Has anyone here actually read “The Dark Night of the Soul” by St. John of the Cross? I read a biography a while back about St. John but never read The Dark Night. In the biography it had some excerpts and mentions that the Dark Night was several texts and written from his prison cell window over looking the garden. The quotes were all poetic. I’m wondering if it is all poetry? I don’t know if I am mentally or spiritually ready for this but his life facinated me as well as his relationship with St Teresa of Avila.
I’m reading
The Ascent to Mount Carmel right now, which is the book to read prior to
The Dark Night of the Soul. The two books are intimately connected. Both books were supposed to function as commentaries or expositions of the poem he wrote, “on a dark night…”
Before I read St. John, I first read an introductory work to Sts. John and Teresa called, “Fire Within” by Fr. Dubay. It was a good book. If that’s a bit too long for you to read, Thomas Merton wrote a very short book called, “What is Contemplation?” which hits many (most, in fact) of Dubay’s points, but with extreme brevity. It’s good to read a book like those in preparation for that, otherwise you may begin the work of this spiritual genius and miss so much of what it means.

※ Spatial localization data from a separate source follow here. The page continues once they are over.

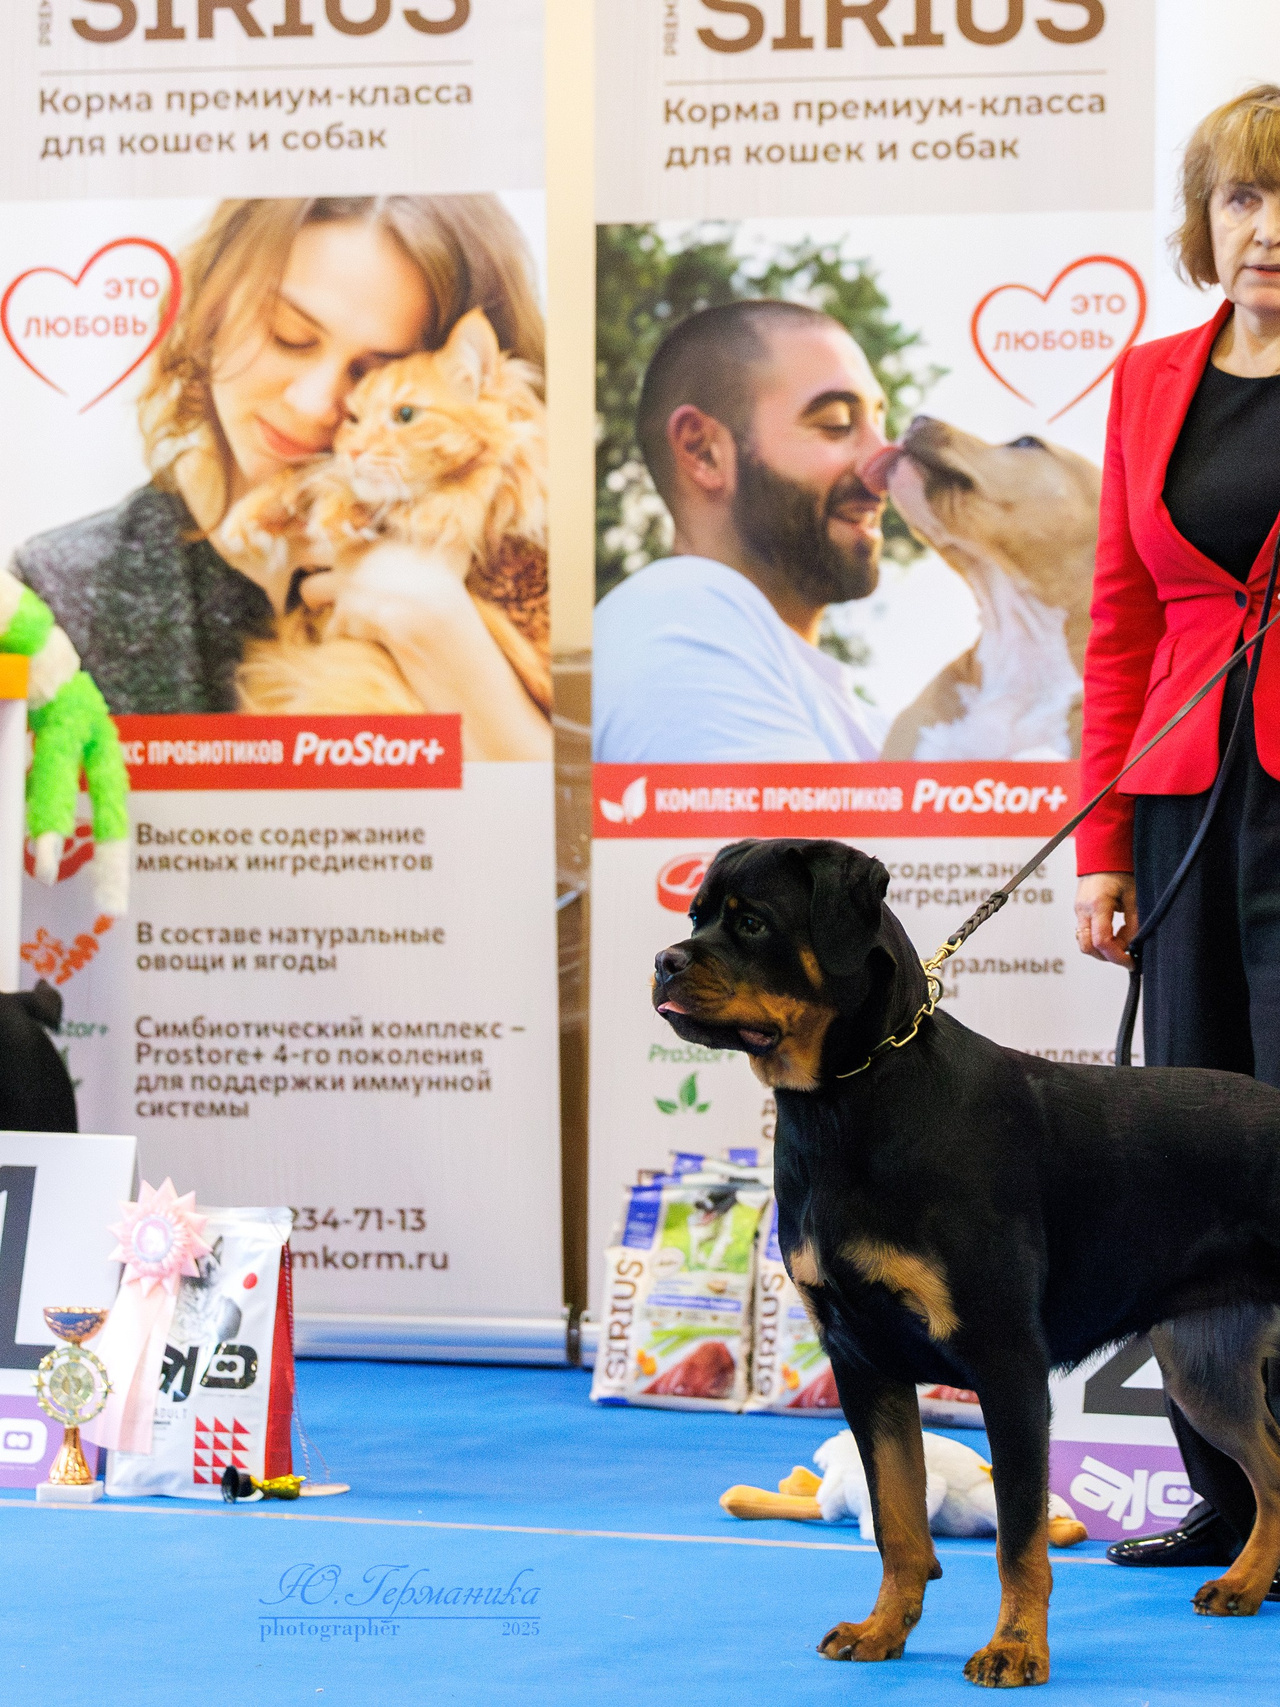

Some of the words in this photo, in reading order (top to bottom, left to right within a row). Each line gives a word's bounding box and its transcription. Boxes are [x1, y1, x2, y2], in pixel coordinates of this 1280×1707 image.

[39, 87, 153, 118] Корма
[166, 82, 473, 117] премиум-класса
[664, 98, 780, 130] Корма
[793, 89, 1107, 125] премиум-класса
[40, 133, 105, 159] для
[119, 131, 236, 155] кошек
[248, 132, 269, 151] и
[281, 123, 388, 152] собак
[666, 142, 731, 170] для
[745, 139, 864, 164] кошек
[877, 140, 898, 161] и
[911, 132, 1020, 160] собак
[104, 277, 160, 299] ЭТО
[1070, 293, 1127, 315] ЭТО
[24, 315, 148, 339] ЛЮБОВЬ
[992, 330, 1114, 353] ЛЮБОВЬ
[147, 739, 284, 765] ПРОБИОТИКОВ
[292, 732, 444, 767] ProStor+
[655, 787, 759, 813] КОМПЛЕКС
[762, 786, 903, 812] ПРОБИОТИКОВ
[911, 779, 1068, 813] ProStor+
[136, 823, 253, 846] Высокое
[260, 824, 425, 852] содержание
[136, 854, 239, 873] мясных
[246, 852, 433, 877] ингредиентов
[136, 923, 153, 944] В
[161, 927, 261, 945] составе
[268, 926, 445, 950] натуральные
[137, 953, 226, 974] овощи
[233, 954, 246, 971] и
[253, 952, 337, 976] ягоды
[135, 1015, 364, 1041] Симбиотический
[372, 1019, 503, 1039] комплекс
[136, 1044, 263, 1067] Prostore+
[272, 1044, 331, 1066] 4-го
[337, 1046, 483, 1067] поколения
[135, 1073, 187, 1096] для
[190, 1073, 345, 1097] поддержки
[352, 1067, 491, 1093] иммунной
[136, 1100, 249, 1119] системы
[605, 1257, 644, 1381] SIRIUS

After finding a suitable introductory work, I recommend starting with
The Ascent to Mount Carmel and not with
The Dark Night of the Soul. I got Kieran Kavanaugh’s
Collected Works of St. John of the Cross which includes the Ascent, the Dark Night, his many poems, the Sayings of Light and Love, the Living Flame of Love, the Spiritual Canticle, etc. It’s a good collection. The works are unabridged. It’s hard to find the Ascent unabridged, and even if you do find it alone, you’ll still have to buy a copy of the Dark Night eventually… by that time you might as well have bought the collected works.
As long as you can understand what he’s saying, you’re ready-- although none of us are really ever
ready for radical spiritual transformation-- God just makes us so. And that’s the point of his two treatises, the Ascent and the Dark Night-- a quick guide to union with the divine. In fact, the point of these treatises is that we all need God, and that they’ll help guide us to Him.